James W. Scott
The Bible is the church's prize possession. In it we find the good news of salvation. In it we learn about God and his dealings with people down through the centuries. And in it we find instruction and encouragement for our lives. But the Bible is more than a book of important spiritual information. It is the very Word of God (Heb. 4:12). This means that God has uttered the words written in the Bible. "God," we are told, "spoke long ago to the fathers in the prophets" (Heb. 1:1).
What an awesome truth! The "sacred writings" (2 Tim. 3:15), or Scriptures, set forth the teaching of the all-knowing, all-wise God!
God is clearly the speaker in much of the Old Testament, where Moses and the prophets often quote him directly. Such passages are often cited in the New Testament with such introductory words as "God said" (2 Cor. 6:16), "the Holy Spirit says" (Heb. 3:7), and "the Holy Spirit rightly spoke through Isaiah the prophet to your fathers, saying" (Acts 28:25-26). When direct quotations of God are also introduced with words like "Moses says" and "Isaiah is very bold and says" (Rom. 10:19-20), it is evident that these men were speaking in the sense that they were conveying God's words.

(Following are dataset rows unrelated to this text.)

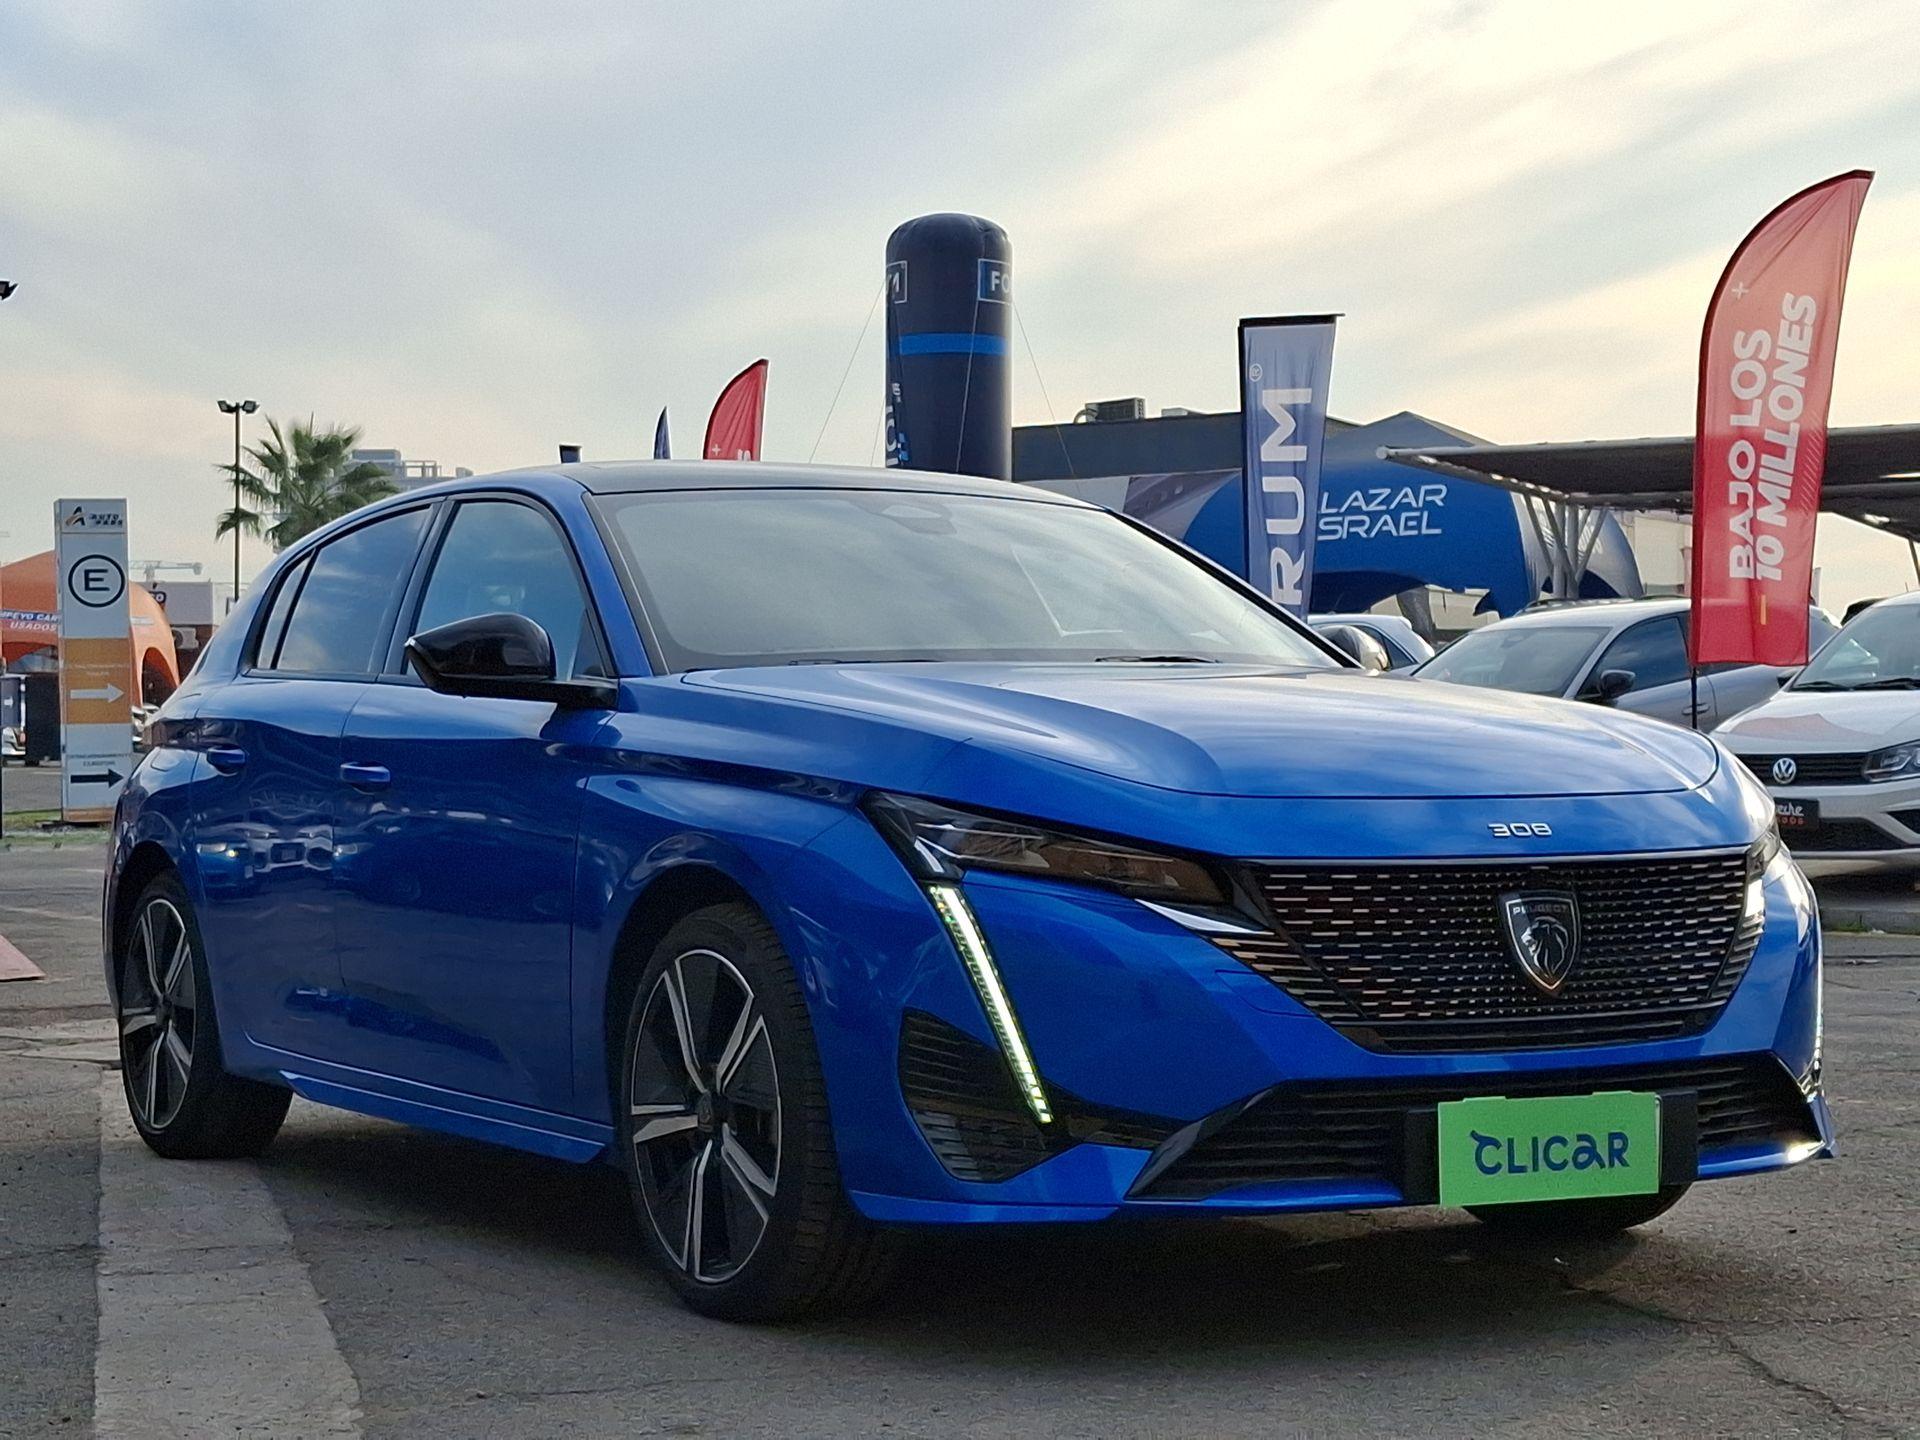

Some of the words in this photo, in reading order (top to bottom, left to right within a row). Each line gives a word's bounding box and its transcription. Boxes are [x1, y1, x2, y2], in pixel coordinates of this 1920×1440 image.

[1729, 328, 1772, 427] LOS
[1756, 292, 1817, 528] MILLONES
[1260, 387, 1313, 606] RUM
[1320, 483, 1448, 514] LAZAR
[1728, 439, 1756, 580] BAJO
[1316, 511, 1443, 541] SRAEL
[1755, 534, 1785, 582] 10
[83, 568, 110, 592] E
[10, 621, 58, 632] USADOS
[1488, 822, 1553, 838] 308
[1512, 903, 1571, 916] PEUGEOT
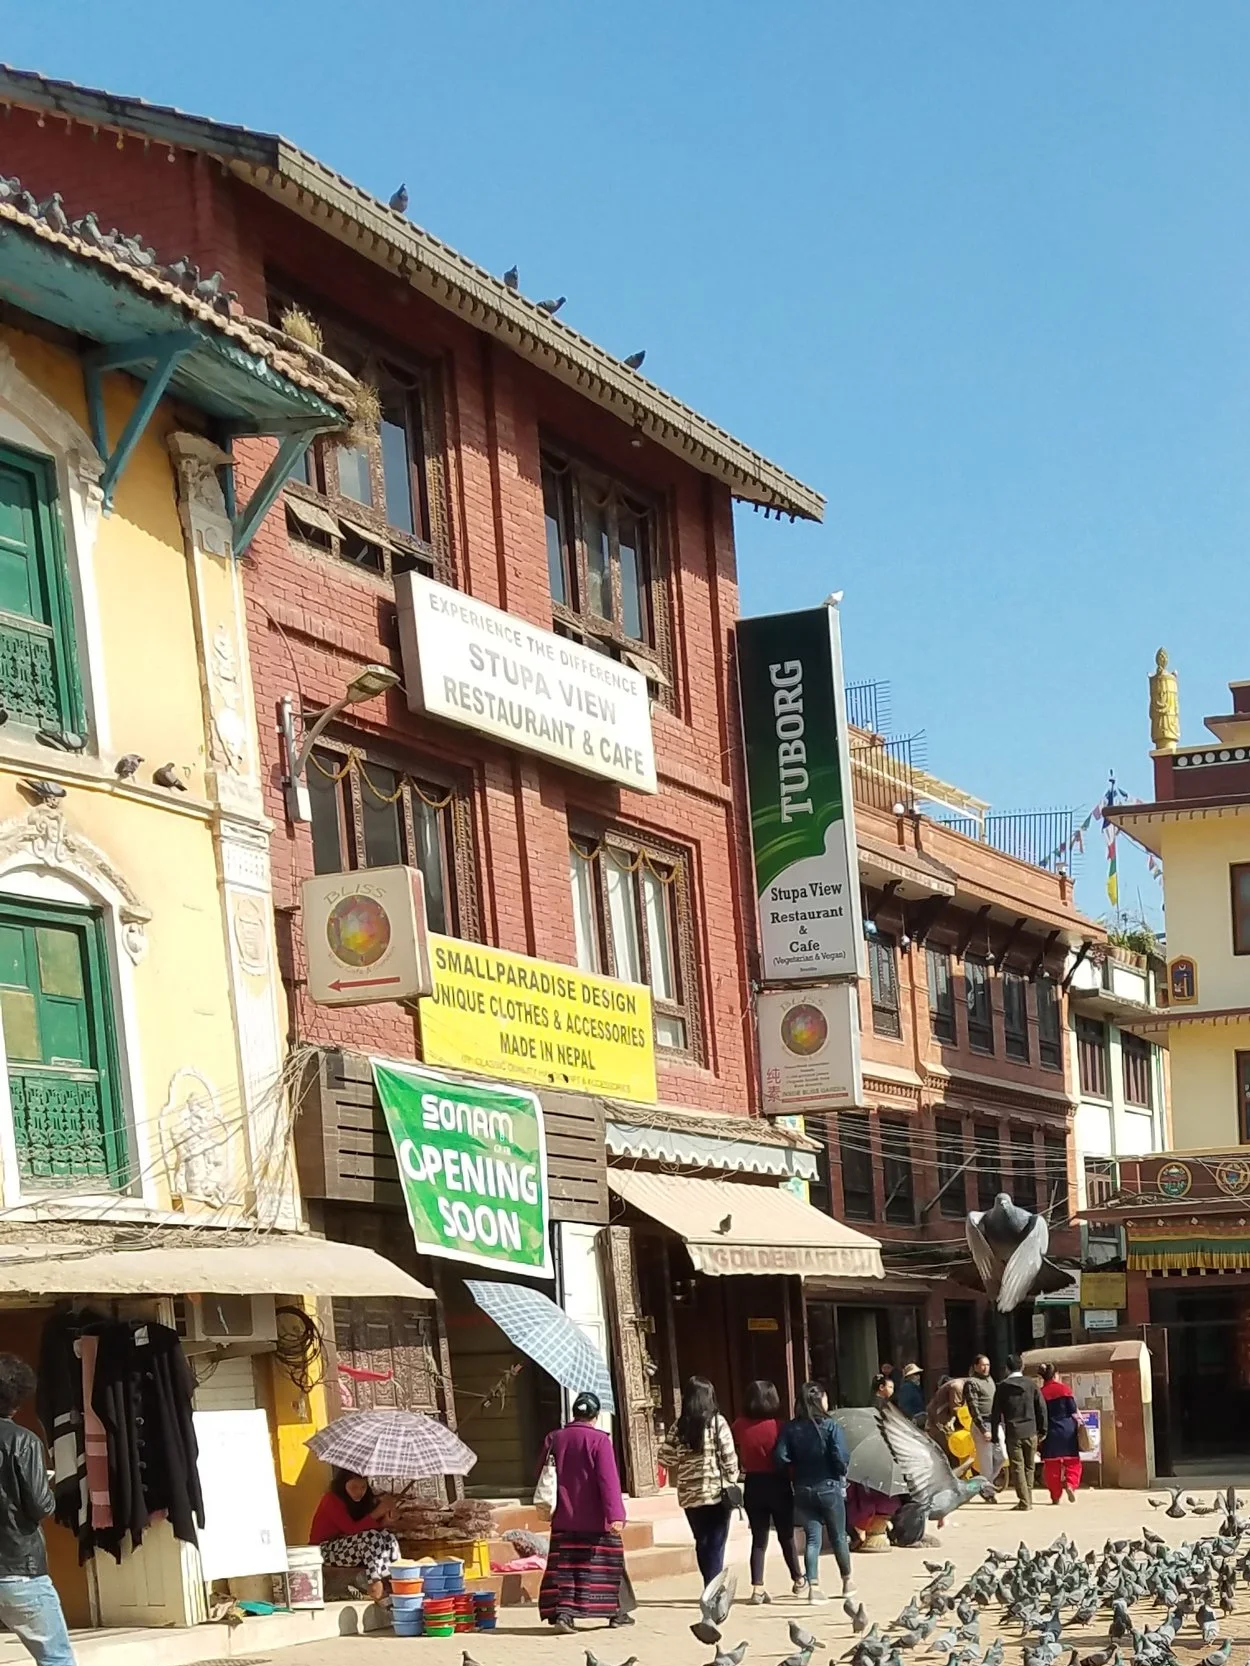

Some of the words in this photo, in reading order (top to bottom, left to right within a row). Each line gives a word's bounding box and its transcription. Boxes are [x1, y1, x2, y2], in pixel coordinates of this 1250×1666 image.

[428, 593, 523, 648] EXPERIENCE
[526, 636, 555, 661] THE
[560, 650, 638, 696] DIFFERENCE
[469, 643, 552, 700] STUPA
[558, 680, 617, 726] VIEW
[443, 675, 575, 750] RESTAURANT
[582, 730, 595, 757] &
[600, 737, 645, 777] CAFE
[768, 659, 815, 824] TUBORG
[324, 884, 387, 905] BLISS
[770, 906, 843, 924] Restaurant
[771, 887, 808, 903] Stupa
[809, 882, 842, 897] View
[789, 940, 820, 953] Cafe
[799, 925, 808, 935] &
[435, 948, 577, 1001] SMALLPARADISE
[582, 984, 637, 1015] DESIGN
[432, 982, 485, 1014] UNIQUE
[490, 996, 549, 1028] CLOTHES
[553, 1011, 562, 1030] &
[566, 1015, 645, 1048] ACCESSORIES
[500, 1032, 536, 1060] MADE
[540, 1040, 553, 1062] IN
[558, 1044, 596, 1070] NEPAL
[400, 1138, 538, 1205] OPENING
[439, 1196, 522, 1251] SOON
[715, 1249, 797, 1268] GOLDEN

But what about the rest of the Bible, especially the narrative portions and the New Testament epistles, where God is not quoted directly? Isn't Paul speaking for himself when he writes, "Paul, an apostle ... to the churches of Galatia" (Gal. 1:1-2), or when he tells Timothy, "When you come bring the cloak which I left at Troas" (2 Tim. 4:13)?
Interestingly, God is sometimes mentioned as the speaker of Old Testament passages in which he is not being quoted. For example, in Psalm 16:10, God is addressed by the psalmist, yet Acts 13:35 introduces that verse with the words, "He [God] also says in another Psalm." God is similarly said to be the speaker of passages in which he is not quoted in Matt. 19:4-5; Acts 4:25; Heb. 1:6, 7, 8, 10; 3:7; 4:7. These passages suggest that whenever the New Testament cites God as speaking in the Old Testament, the point is that he is the author of the written text, not merely the one quoted in it.
When Paul says that the Jews were entrusted with "the oracles of God" (Rom. 3:2), he is referring not merely to those portions of the Old Testament where God is quoted directly (as the "oracles" mentioned in Acts 7:38), but to the entire Old Testament (as in Heb. 5:12; cf. 1 Pet. 4:11). An oracle is a message from God, especially one delivered through a human intermediary. Thus, the implication of Romans 3:2 is that the entire Old Testament is a message from God.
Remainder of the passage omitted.